■ TASK TO CARRY OUT:
Write out every entry, unchanged. Skip any picture.

[Phrase grounding data]
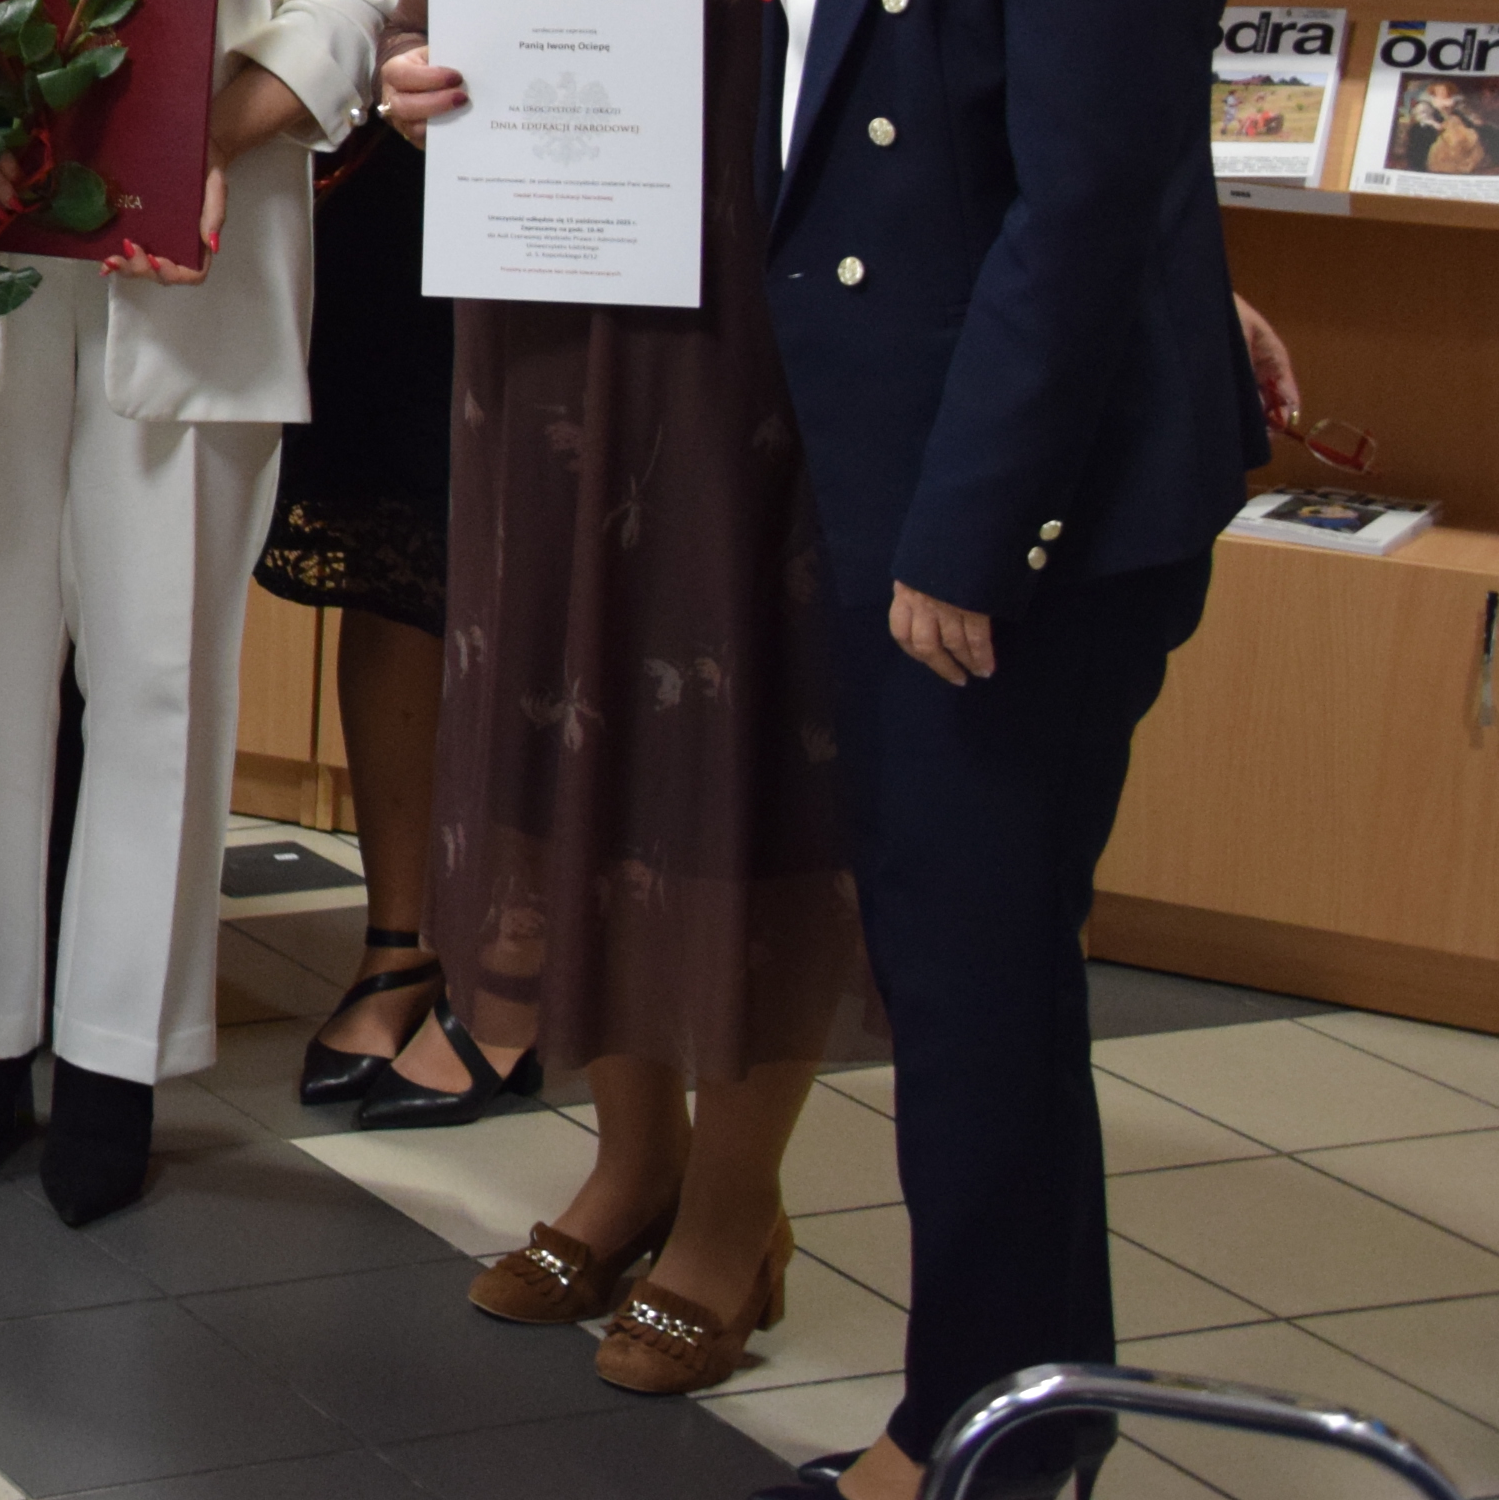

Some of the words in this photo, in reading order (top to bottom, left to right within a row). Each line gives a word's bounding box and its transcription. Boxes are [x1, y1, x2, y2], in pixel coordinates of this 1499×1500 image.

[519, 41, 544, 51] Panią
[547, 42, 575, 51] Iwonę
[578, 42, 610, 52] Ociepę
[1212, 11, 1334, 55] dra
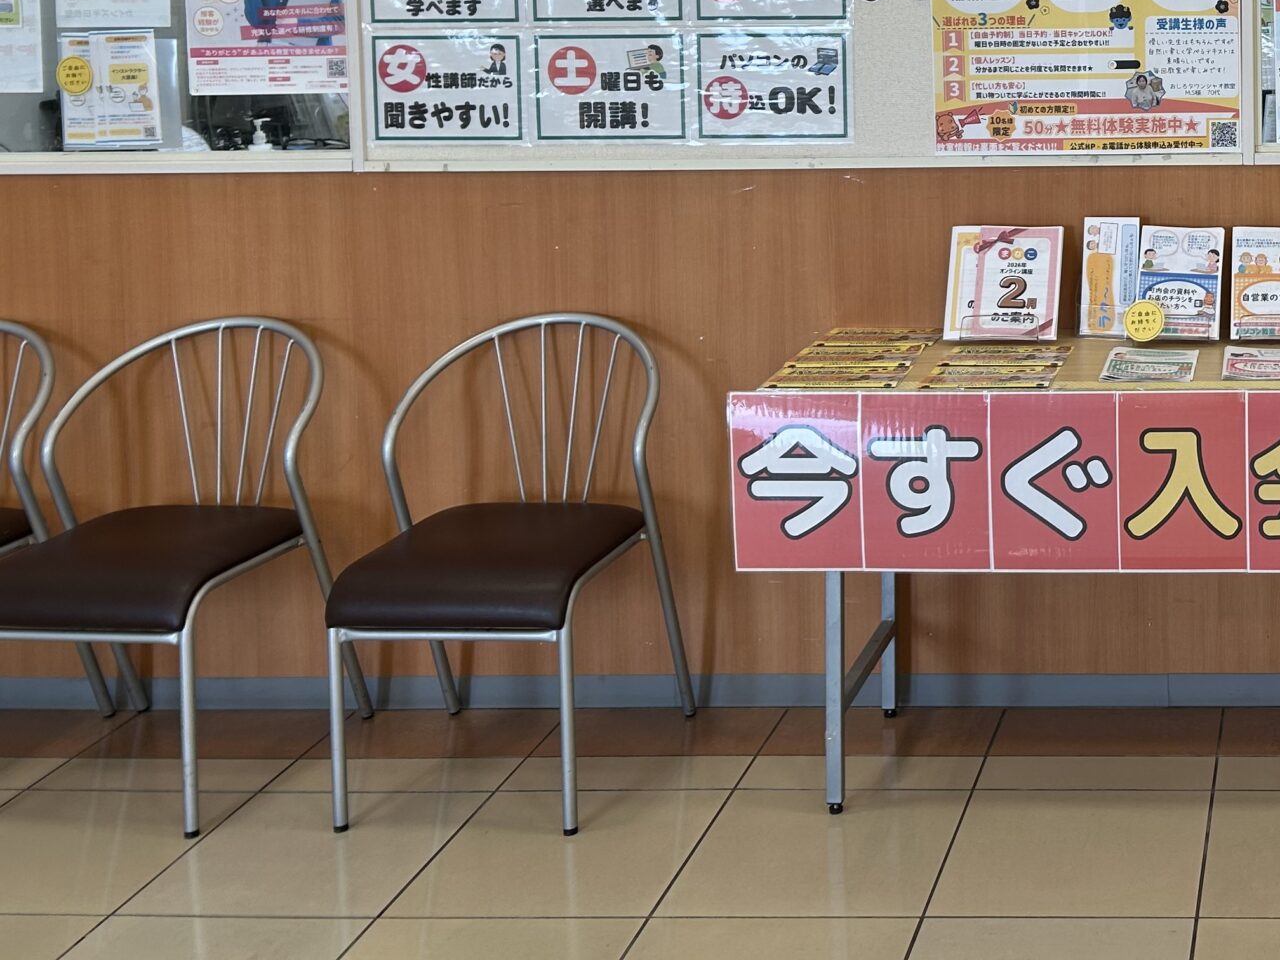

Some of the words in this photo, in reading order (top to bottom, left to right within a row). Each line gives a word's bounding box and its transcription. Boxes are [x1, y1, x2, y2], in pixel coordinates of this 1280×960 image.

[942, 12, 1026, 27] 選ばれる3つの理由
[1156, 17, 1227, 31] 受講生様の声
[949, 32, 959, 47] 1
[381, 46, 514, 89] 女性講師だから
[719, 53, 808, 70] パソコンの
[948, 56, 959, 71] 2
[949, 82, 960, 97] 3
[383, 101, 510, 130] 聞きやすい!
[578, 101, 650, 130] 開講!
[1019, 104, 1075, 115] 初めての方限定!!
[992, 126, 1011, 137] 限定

■ SOLUTION BELOW:
Some of the words in this photo, in reading order (top to bottom, left to right within a row). Each line gives a word's bounding box and its transcription. Boxes are [x1, y1, x2, y2], in pixel coordinates of this 1499×1500 image.

[519, 41, 544, 51] Panią
[547, 42, 575, 51] Iwonę
[578, 42, 610, 52] Ociepę
[1212, 11, 1334, 55] dra

Some of the words in this photo, in reading order (top to bottom, left to right within a row). Each line gives a word's bounding box and its transcription. Boxes are [x1, y1, x2, y2], in pixel coordinates of this 1280×960 image.

[942, 12, 1026, 27] 選ばれる3つの理由
[1156, 17, 1227, 31] 受講生様の声
[949, 32, 959, 47] 1
[381, 46, 514, 89] 女性講師だから
[719, 53, 808, 70] パソコンの
[948, 56, 959, 71] 2
[949, 82, 960, 97] 3
[383, 101, 510, 130] 聞きやすい!
[578, 101, 650, 130] 開講!
[1019, 104, 1075, 115] 初めての方限定!!
[992, 126, 1011, 137] 限定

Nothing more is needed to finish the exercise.